▸ **What is required**
Copy the entries exactly, leaving out nothing.

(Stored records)
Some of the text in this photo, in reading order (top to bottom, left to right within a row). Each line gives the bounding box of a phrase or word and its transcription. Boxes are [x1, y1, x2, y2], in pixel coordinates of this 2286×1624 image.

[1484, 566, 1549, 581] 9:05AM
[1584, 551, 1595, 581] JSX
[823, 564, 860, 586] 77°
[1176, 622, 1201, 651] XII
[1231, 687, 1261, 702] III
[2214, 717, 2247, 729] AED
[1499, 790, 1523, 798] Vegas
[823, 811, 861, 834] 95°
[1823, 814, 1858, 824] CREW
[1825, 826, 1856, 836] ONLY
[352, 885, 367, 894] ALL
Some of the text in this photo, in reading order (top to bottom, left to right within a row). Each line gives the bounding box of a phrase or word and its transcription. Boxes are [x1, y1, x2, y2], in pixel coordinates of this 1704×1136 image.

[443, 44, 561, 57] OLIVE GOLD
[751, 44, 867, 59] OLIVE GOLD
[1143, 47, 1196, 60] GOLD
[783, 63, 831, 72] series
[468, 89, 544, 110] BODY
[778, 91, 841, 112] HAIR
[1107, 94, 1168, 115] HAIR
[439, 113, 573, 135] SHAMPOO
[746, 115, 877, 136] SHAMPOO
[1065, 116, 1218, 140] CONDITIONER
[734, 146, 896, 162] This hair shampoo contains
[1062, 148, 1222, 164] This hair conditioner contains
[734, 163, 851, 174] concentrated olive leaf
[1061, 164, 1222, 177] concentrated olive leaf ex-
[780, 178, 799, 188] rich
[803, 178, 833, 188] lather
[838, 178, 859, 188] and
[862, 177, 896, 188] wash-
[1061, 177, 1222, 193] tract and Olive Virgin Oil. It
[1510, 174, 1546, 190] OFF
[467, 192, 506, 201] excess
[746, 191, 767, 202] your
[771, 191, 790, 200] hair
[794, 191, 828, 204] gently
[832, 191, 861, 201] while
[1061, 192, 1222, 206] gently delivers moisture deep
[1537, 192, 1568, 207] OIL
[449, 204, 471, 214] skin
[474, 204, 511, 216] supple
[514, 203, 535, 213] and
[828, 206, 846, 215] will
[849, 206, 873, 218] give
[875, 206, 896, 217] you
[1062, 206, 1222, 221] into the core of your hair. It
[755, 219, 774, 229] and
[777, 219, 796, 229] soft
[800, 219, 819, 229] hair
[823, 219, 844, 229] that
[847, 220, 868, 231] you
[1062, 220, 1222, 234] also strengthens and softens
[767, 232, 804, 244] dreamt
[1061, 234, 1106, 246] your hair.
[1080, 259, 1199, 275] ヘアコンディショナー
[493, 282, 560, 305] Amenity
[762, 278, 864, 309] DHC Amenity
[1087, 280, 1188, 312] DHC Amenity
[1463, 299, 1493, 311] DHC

▸ **Response to this exercise**
Some of the text in this photo, in reading order (top to bottom, left to right within a row). Each line gives the bounding box of a phrase or word and its transcription. Boxes are [x1, y1, x2, y2], in pixel coordinates of this 2286×1624 image.

[1484, 566, 1549, 581] 9:05AM
[1584, 551, 1595, 581] JSX
[823, 564, 860, 586] 77°
[1176, 622, 1201, 651] XII
[1231, 687, 1261, 702] III
[2214, 717, 2247, 729] AED
[1499, 790, 1523, 798] Vegas
[823, 811, 861, 834] 95°
[1823, 814, 1858, 824] CREW
[1825, 826, 1856, 836] ONLY
[352, 885, 367, 894] ALL
Some of the text in this photo, in reading order (top to bottom, left to right within a row). Each line gives the bounding box of a phrase or word and its transcription. Boxes are [x1, y1, x2, y2], in pixel coordinates of this 1704×1136 image.

[443, 44, 561, 57] OLIVE GOLD
[751, 44, 867, 59] OLIVE GOLD
[1143, 47, 1196, 60] GOLD
[783, 63, 831, 72] series
[468, 89, 544, 110] BODY
[778, 91, 841, 112] HAIR
[1107, 94, 1168, 115] HAIR
[439, 113, 573, 135] SHAMPOO
[746, 115, 877, 136] SHAMPOO
[1065, 116, 1218, 140] CONDITIONER
[734, 146, 896, 162] This hair shampoo contains
[1062, 148, 1222, 164] This hair conditioner contains
[734, 163, 851, 174] concentrated olive leaf
[1061, 164, 1222, 177] concentrated olive leaf ex-
[780, 178, 799, 188] rich
[803, 178, 833, 188] lather
[838, 178, 859, 188] and
[862, 177, 896, 188] wash-
[1061, 177, 1222, 193] tract and Olive Virgin Oil. It
[1510, 174, 1546, 190] OFF
[467, 192, 506, 201] excess
[746, 191, 767, 202] your
[771, 191, 790, 200] hair
[794, 191, 828, 204] gently
[832, 191, 861, 201] while
[1061, 192, 1222, 206] gently delivers moisture deep
[1537, 192, 1568, 207] OIL
[449, 204, 471, 214] skin
[474, 204, 511, 216] supple
[514, 203, 535, 213] and
[828, 206, 846, 215] will
[849, 206, 873, 218] give
[875, 206, 896, 217] you
[1062, 206, 1222, 221] into the core of your hair. It
[755, 219, 774, 229] and
[777, 219, 796, 229] soft
[800, 219, 819, 229] hair
[823, 219, 844, 229] that
[847, 220, 868, 231] you
[1062, 220, 1222, 234] also strengthens and softens
[767, 232, 804, 244] dreamt
[1061, 234, 1106, 246] your hair.
[1080, 259, 1199, 275] ヘアコンディショナー
[493, 282, 560, 305] Amenity
[762, 278, 864, 309] DHC Amenity
[1087, 280, 1188, 312] DHC Amenity
[1463, 299, 1493, 311] DHC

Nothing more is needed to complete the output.